旧独立国家の上質な魔鉱石もあるし、ダンジョン都市でしか採れない貴重な魔薬の元に王国にしかいない鬼孔雀の巣とか……ま、求められている各地の特別な商材だと思ってくれれば良いわ」
「本当に色々と扱ってるのね」
聞いたことがあるモノもあれば、初めて聞く商品も。一体何にどう使うかすらわからないけど、気になるのは……
「この人数で大丈夫なの?」
商材全てを計算すれば軽く数百万ゴールドになると聞き、二十人でも心配じゃないかと聞いたところ、
「これ以上いてもあまり変わりが無いし、それぞれが役目を持って行動しているから、これぐらいが丁度よいの」
とのこと。
実際、二日目には野盗に襲撃されたものの(わたしは自動生活だったので、基本見ていただけ)、こちらより人数の多い野盗を問題なく撃退していた。
……それも、あのタウラスさんがいない状態で!
『うーん、タウラスがいないっていうのも珍しいというか、不思議というか……変なの』
フィーネと言えばタウラスさん、というのが出来上がっていたわたしとしては、アルブラから出発した商団の中にタウラスさんがいなかったのは不思議だった。
ちなみに、タウラスさんとは以前に模擬戦で戦ったことがあり、試合結果としては勝ったとはいえ、こちらが人数のハンデを貰っていたということもあって、わたしの中では正直アレを勝ちとはカウントをしていない。

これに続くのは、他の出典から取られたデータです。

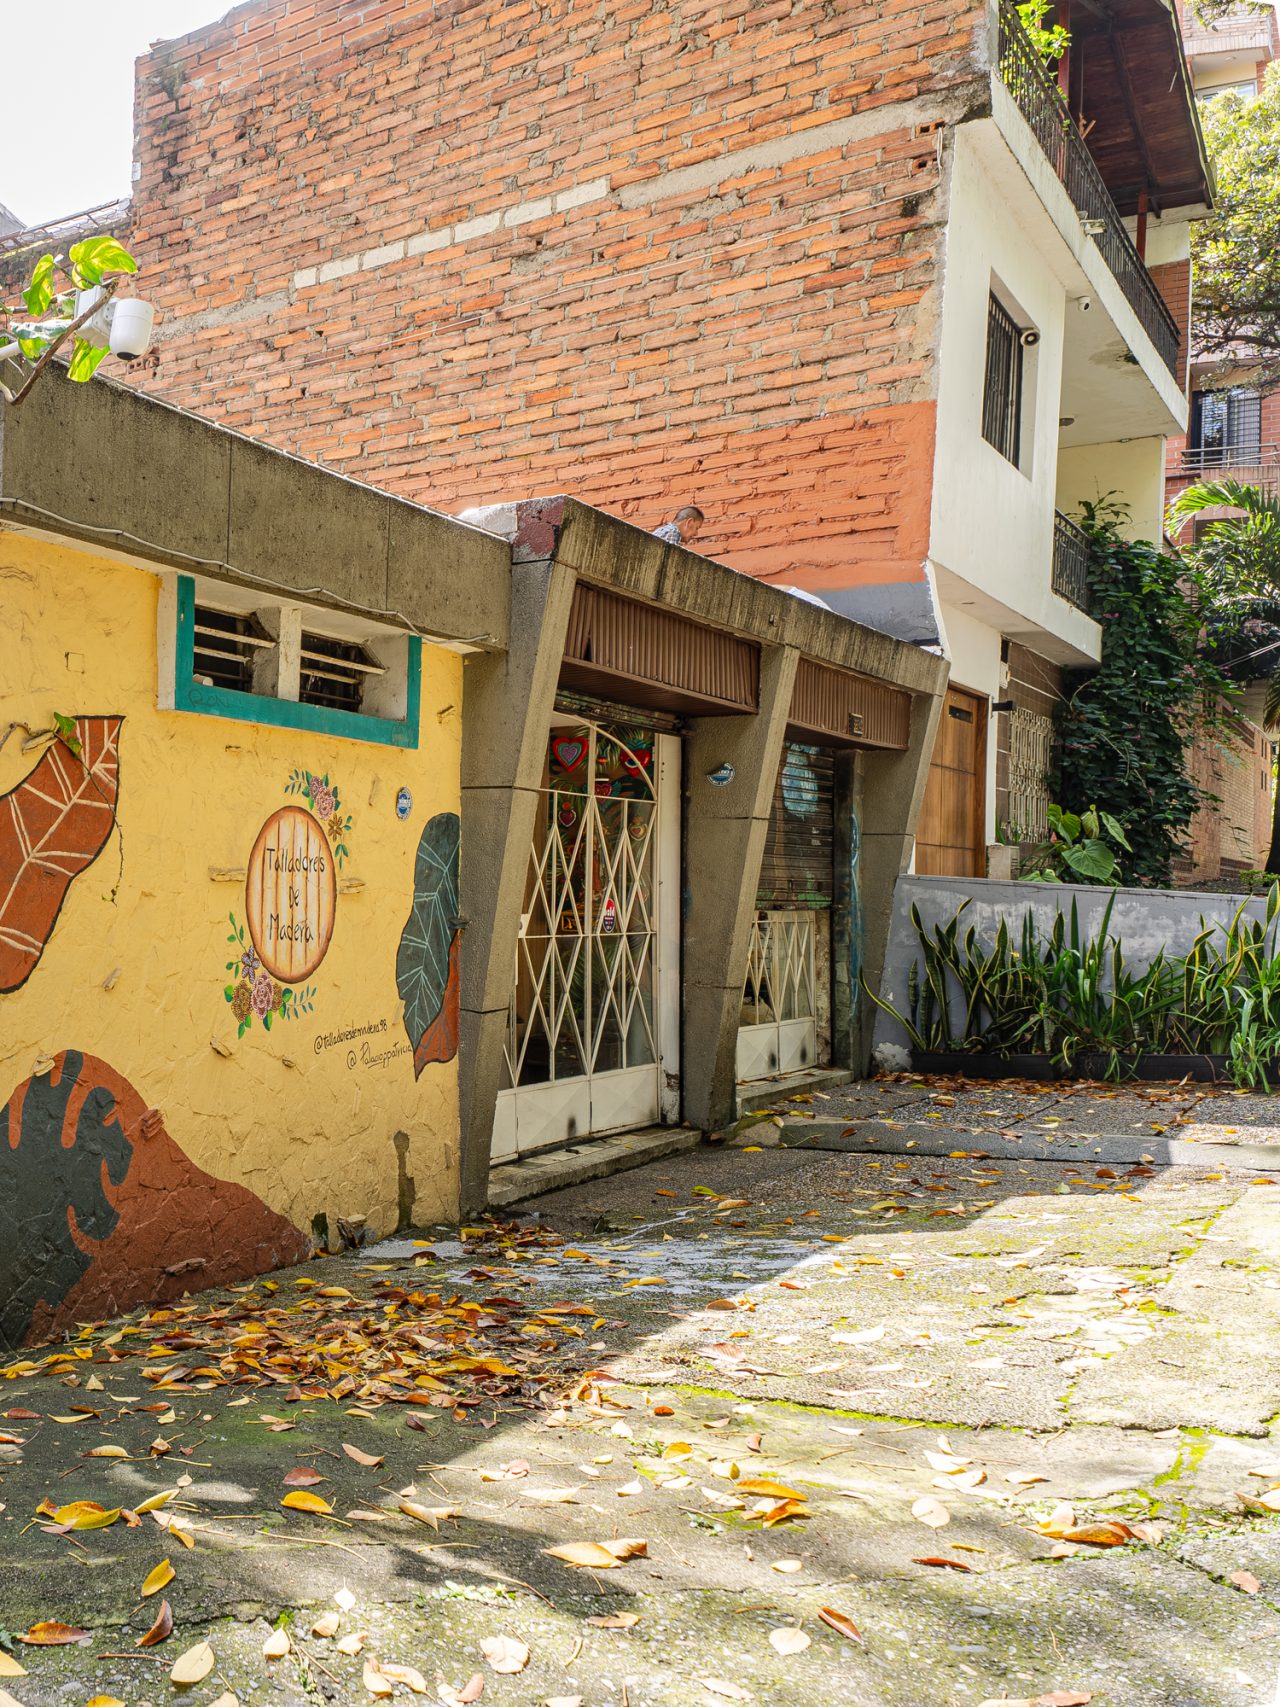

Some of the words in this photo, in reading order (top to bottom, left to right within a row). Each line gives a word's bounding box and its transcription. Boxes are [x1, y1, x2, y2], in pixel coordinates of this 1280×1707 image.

『タウラスさんだけで何人分の強さがあるかはわからない。まぁ、そんなタウラスさんを抜いた状態でもこの商団が強いのは確かだけど、やっぱりいないという事に、何か妙に気になるというか違和感を覚えるというか……』
わたしから見ても、タウラスさんとフィーネとの仲はそれなりのものだと思っていたから、そういった面からも、この商団の中にタウラスさんの姿が無かったのはかなりの驚きだった。

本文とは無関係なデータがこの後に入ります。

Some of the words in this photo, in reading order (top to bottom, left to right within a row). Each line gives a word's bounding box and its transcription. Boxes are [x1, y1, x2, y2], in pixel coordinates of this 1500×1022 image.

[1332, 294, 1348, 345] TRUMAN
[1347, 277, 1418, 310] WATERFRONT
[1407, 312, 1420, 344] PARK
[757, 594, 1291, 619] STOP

つい気になって、フィーネにタウラスさんのことを質問したところ、
『彼には別の仕事をしてもらっているから』
と、非常にあっけらかんとし返答。
うーん、ドライというか、信頼しきった返答ていうか……どうにも上手く言葉に言い表せない。
『もし、自分がその立場だったなら……』
……どうなのかな、よくわからないというよりも、誰とも“そういう関係が無かった”という事を再認識してたり。
【あらっ、例の皇子様は?】
『……折角忘れようとしていたのに』
“もう一人のわたし”からの冷静なツッコミにより、蒸し返されてしまったアノ件が頭の中を占領していくのに、時間はそれほどかからなかった。